Intervista a Vuk Rsumovic

Intervista a Vuk Rsumovic

L’importanza del lavoro sulla sceneggiatura e di quello con gli attori, l’elaborazione della partitura fotografica e il progetto di un horror junghiano. Di questo e altro abbiamo parlato con Vuk Rsumovic, regista di Figlio di nessuno, film vincitore della 29. Settimana Internazionale della Critica.

Un racconto di formazione che attraversa i primordi e poi l’esplodere del conflitto nell’ex Jugoslavia: No One’s Child (in italiano Figlio di nessuno) ha conquistato il Premio del Pubblico RaroVideo della 29. Settimana Internazionale della Critica. Al suo esordio nel lungometraggio di finzione, il regista Vuk Rsumovic racconta la storia, realmente accaduta, di un enfant sauvage cresciuto tra i lupi e ritrovato nei boschi della Bosnia nel 1988. Ma il conflitto balcanico è alle porte e il percorso di crescita del ragazzo si trasforma in una iniziazione alla violenza. Sorprendente la maturità narrativa e stilistica e stilistica di Rsumovic: il suo film scorre agile restando sempre incollato al protagonista (eccezionale la performance del piccolo Denis Muric) e si dirige sicuro verso una potente e lacerante denuncia della bestialità umana. Nel corso della nostra intervista, Rsumovic ci ha rivelato, tra le altre cose, come ha scoperto questa storia e come ha lavorato alla sceneggiatura e alla resa fotografica del film.

Figlio di nessuno amalgama al racconto di formazione “classico” di un “ragazzo selvaggio” i tragici eventi storici della guerra in ex Jugoslavia. Come hai lavoro su queste due anime del tuo film?

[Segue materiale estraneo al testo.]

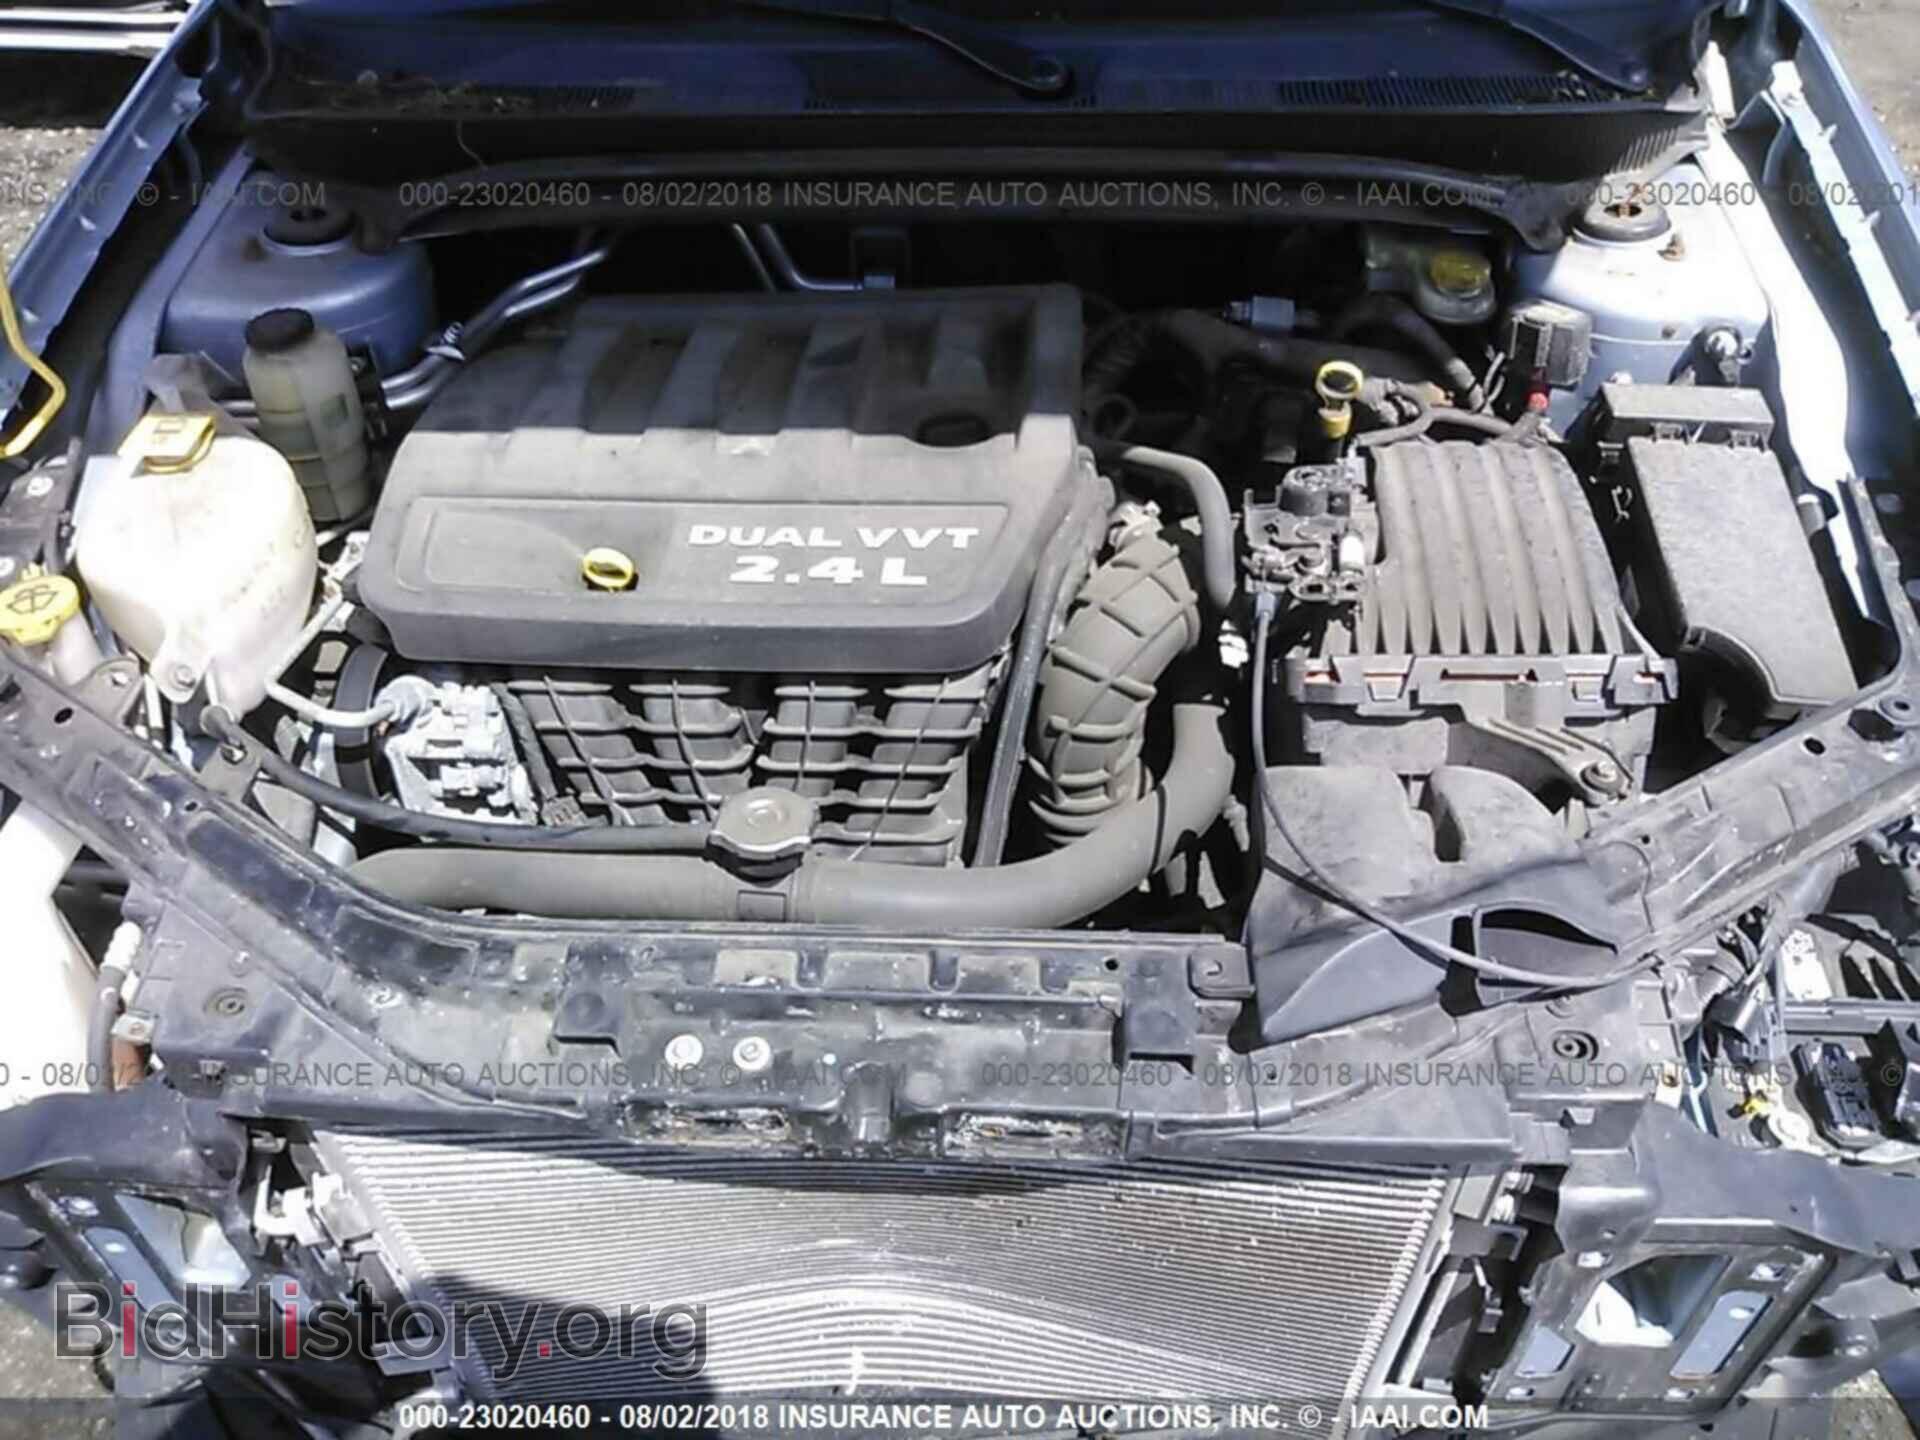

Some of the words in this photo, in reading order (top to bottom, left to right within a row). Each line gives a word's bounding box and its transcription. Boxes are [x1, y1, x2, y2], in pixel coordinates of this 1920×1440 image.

[687, 523, 842, 549] DUAL
[856, 526, 980, 549] VVT
[729, 554, 865, 585] 2.4

Vuk Rsumovic: Credo che naturalmente il contesto in cui la vicenda del mio protagonista si svolge è fondamentale, perché il momento storico in cui la ex Jugoslavia si dissolve costituisce anche l’apice del percorso del personaggio. È in quel momento che i conflitti che stanno portando il paese in guerra interferiscono con il suo processo di crescita, che cambia e con esso cambia anche il tono del film. Credo che una fonte d’ispirazione fondamentale per me sia stato il film di Elem Klimov Va’ e vedi (Idi i smotri, 1985) perché io avevo in qualche modo in mente questo suo lavoro quando ho iniziato a lavorare al mio film.

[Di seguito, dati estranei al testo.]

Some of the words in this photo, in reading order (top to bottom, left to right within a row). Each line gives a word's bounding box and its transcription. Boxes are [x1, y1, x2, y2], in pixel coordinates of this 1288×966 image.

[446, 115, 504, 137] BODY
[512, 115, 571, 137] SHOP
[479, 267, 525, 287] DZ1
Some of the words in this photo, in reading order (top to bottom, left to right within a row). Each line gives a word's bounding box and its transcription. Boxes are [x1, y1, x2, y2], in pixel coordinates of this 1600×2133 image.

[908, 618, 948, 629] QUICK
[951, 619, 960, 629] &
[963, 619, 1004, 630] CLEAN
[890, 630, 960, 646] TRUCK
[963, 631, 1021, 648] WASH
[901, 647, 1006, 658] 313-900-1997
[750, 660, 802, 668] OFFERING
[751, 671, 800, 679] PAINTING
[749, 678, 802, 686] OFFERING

Come mai hai scelto proprio il 1988 come data d’inizio della tua storia?

Vuk Rsumovic: Il 1988 è l’anno in cui questa storia è avvenuta, perché si tratta di una storia vera, ma è anche un momento in cui in Jugoslavia la situazione era ancora pacifica e le persone vivevano tranquille. Poi, all’inizio degli anni ’90 si comincia a percepire che la situazione sta precipitando, la guerra è alle porte, e nei 4-5 anni che sono seguiti il paese è collassato.

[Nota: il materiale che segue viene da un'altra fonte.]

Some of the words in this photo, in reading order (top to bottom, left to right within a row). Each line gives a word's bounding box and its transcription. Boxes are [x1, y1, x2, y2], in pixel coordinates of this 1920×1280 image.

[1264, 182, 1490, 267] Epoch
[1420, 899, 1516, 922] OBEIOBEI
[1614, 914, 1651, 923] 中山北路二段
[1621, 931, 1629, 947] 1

Questa storia vera che racconti è celebre nel tuo paese o l’hai scoperta tu?

Vuk Rsumovic: Non è una storia nota ai più. L’ho scoperta grazie a mia moglie che è una regista teatrale e stava facendo una serie di workshop con questi delinquenti minorili e bambini abbandonati quando ha incontrato un’educatrice che le ha raccontato questa storia. Io ho subito pensato che una vicenda così particolare andava raccontata. Inizialmente credevo di farne un documentario poi abbiamo iniziato – io e mia moglie – a fare una serie di ricerche e abbiamo anche incontrato il vero protagonista di questo fatto incredibile. E gradualmente, mentre mi documentavo, ho deciso di fare un film di finzione perché questo mi avrebbe dato più libertà. Ho fatto molte ricerche, ma a un certo punto ho capito che dovevo distaccarmi dai documenti raccolti e analizzati e in questo processo di distanziamento mi ha aiutato anche leggere le note di sceneggiatura scritte da François Truffaut in occasione di L’enfant sauvage, un film su una storia molto simile a questa. Lui aveva delle note di sceneggiatura che io ho letto e che mi hanno molto aiutato, perché in quelle note lui scriveva “questo è quel tipo di storia che tu puoi indagare per una vita intera, perché è così ricca che ti ci puoi perdere dentro, ma se stai facendo un film di finzione a un certo punto ti devi fermare e dire a te stesso che quello che sai, sai, il resto lo devi immaginare”. Ed è proprio quello che ho fatto io in quel momento in cui mi sentivo bloccato, perché da una parte ero legato al fatto che si trattasse di una storia vera, dall’altra però avevo bisogno di tutta la libertà che sentivo necessaria per fare il mio film.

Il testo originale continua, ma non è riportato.